Girls In Toilet (Gadis di Toilet) Jepang
Hari ini aku masuk kantor rada telat. Sudah telat, begitu sampai langsung pengen pipis. Setelah cuci tangan di wastafel, aku langsung buru buru keluar untuk naik ke lift lantai 7, dimana ruanganku berada.Tiba tiba, ada yang memanggil,”Mbak, dompetnya ketinggalan.”
Aku menoleh, eh ada mbak yang biasa menyediakan tissue toilet menyodorkan dompetku yang ketinggalan. Aku rada suprise, soalnya si mbak ini cantik sekali menurutku. Mbak ini baru, soalnya aku tidak melihatnya selama ini. Tetapi, kenapa mukanya rada pucat dan matanya sembab? Seperti habis menangis?
“Waduh, untung saja si mbak ngasih tau. Kalau enggak, bisa mumet saya kalo dompet hilang. Eh, mbak baru ya disini. Namanya siapa?” kataku
“Sekar mbak, memang saya baru hari ini mulai kerja,”katanya.
“Thanks Sekar, kalo namaku Bulan…napa matamu? Eh, ntar lain kali aja kita ngobrol yak, aku dah telat ” kataku sambil buru buru lari ke lift yang lagi terbuka.
Itu adalah perkenalan singkat dengan Sekar. Setelah itu, aku ketemu lagi, tetapi kali ini di toilet di lantai 7 tempat aku bekerja. Rupanya dia ditempatkan disini.

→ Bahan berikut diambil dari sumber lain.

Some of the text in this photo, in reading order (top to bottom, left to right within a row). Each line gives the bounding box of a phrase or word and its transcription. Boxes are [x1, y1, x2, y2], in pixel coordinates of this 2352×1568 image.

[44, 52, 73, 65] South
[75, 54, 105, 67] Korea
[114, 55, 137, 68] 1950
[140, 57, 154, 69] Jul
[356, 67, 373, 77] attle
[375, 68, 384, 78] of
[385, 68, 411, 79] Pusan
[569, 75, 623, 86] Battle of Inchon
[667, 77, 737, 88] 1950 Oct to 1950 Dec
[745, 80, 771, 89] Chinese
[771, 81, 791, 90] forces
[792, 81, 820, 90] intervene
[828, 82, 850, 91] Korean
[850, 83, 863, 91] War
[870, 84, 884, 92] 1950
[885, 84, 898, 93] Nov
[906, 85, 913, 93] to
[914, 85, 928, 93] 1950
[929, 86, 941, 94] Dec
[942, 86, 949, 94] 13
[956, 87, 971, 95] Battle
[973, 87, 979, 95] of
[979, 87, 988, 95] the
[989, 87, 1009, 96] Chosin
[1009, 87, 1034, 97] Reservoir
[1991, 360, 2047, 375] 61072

Ketika waktu istirahat, aku menyempatkan diri mengobrol dengan Sekar. Habis, matanya sembab terus. Bikin aku curiga. Apa habis berantem sama pacarnya? Atau dia bermasalah di dalam keluarganya? Kan bisa saja.
Ternyata bukan karena itu. Sekar bercerita, bahwa dia suka menyesali nasibnya. Dan entah mengapa, dia bercerita sambil terisak padaku.

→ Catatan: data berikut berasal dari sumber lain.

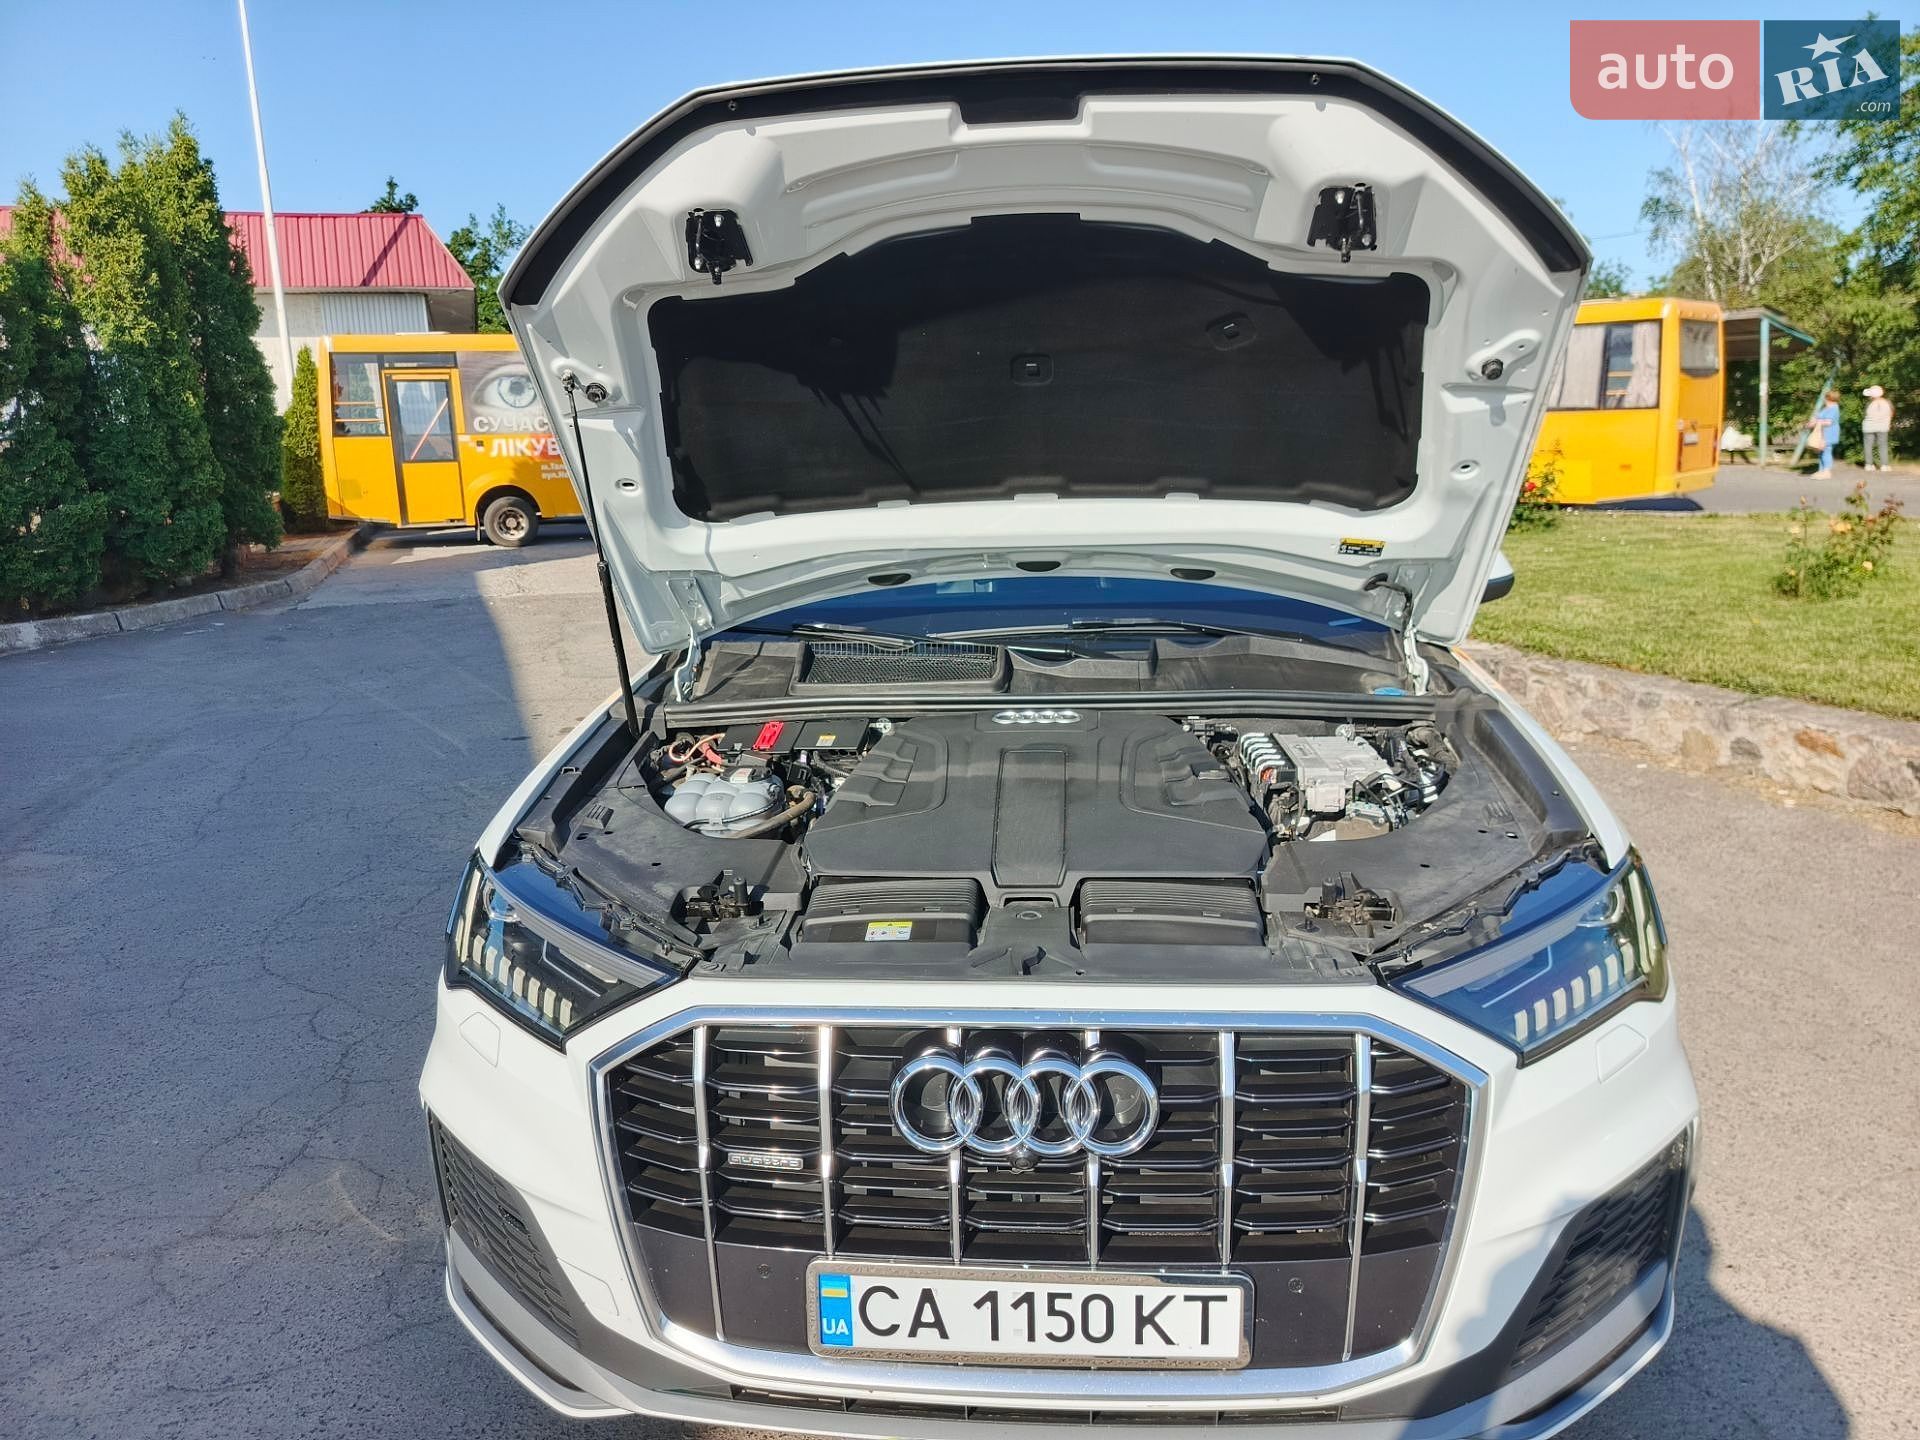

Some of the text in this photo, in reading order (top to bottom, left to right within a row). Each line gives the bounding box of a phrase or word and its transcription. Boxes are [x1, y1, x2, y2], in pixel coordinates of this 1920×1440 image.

[822, 1317, 850, 1336] UA
[858, 1285, 1229, 1346] CA 1150 KT

Sekar, tadinya kembang desa yang lugu. Kecantikannya terkenal hingga ke desa tetangga. Ketika itu, ada pemuda desa yang setelah lama merantau ke kota, pulang kampung. Semua orang memujinya. Si Agung, pemuda yang berhasil. Datang dengan motor yang keren. Juga gaya dan model yang beken. Disini dia wara wiri mentraktir orang. Menunjukkan bahwa dia tajir, duit tidak berseri.
Agung agresif mendekati Sekar. Mengajak merantau ke kota. Mengiming imingi, di desa ini perempuan tidak akan jadi apa apa. Apa yang bisa diharapkan dari sawah yang hasilnya tak seberapa?

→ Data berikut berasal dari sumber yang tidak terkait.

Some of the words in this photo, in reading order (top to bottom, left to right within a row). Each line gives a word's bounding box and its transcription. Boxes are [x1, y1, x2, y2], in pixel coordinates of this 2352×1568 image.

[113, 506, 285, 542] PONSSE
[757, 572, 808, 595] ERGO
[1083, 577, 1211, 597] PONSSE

Di kota, Sekar bisa jadi model terkenal. Agung membawa majalah perempuan terkenal ibu kota. Dan menunjukkan pada Sekar. “Lihat, Sekar! Kamu bisa lebih dari ini. Kamu gak kalah cantik dibanding mereka!” Agung terus membujuk dan merayu.
Dan orang tua Sekar yang didekati Agung ternyata juga merestui Sekar ke kota. Akhirnya Sekar pun berpikir, ya apa salahnya mencari peruntungan ke kota? Toh disini tidak ada apa apa. Mereka miskin, dan kemiskinan ini terasa begitu menjerat. Apalagi, dalam hatinya, Sekar merasa jatuh cinta pada Agung yang kelihatan keren ini.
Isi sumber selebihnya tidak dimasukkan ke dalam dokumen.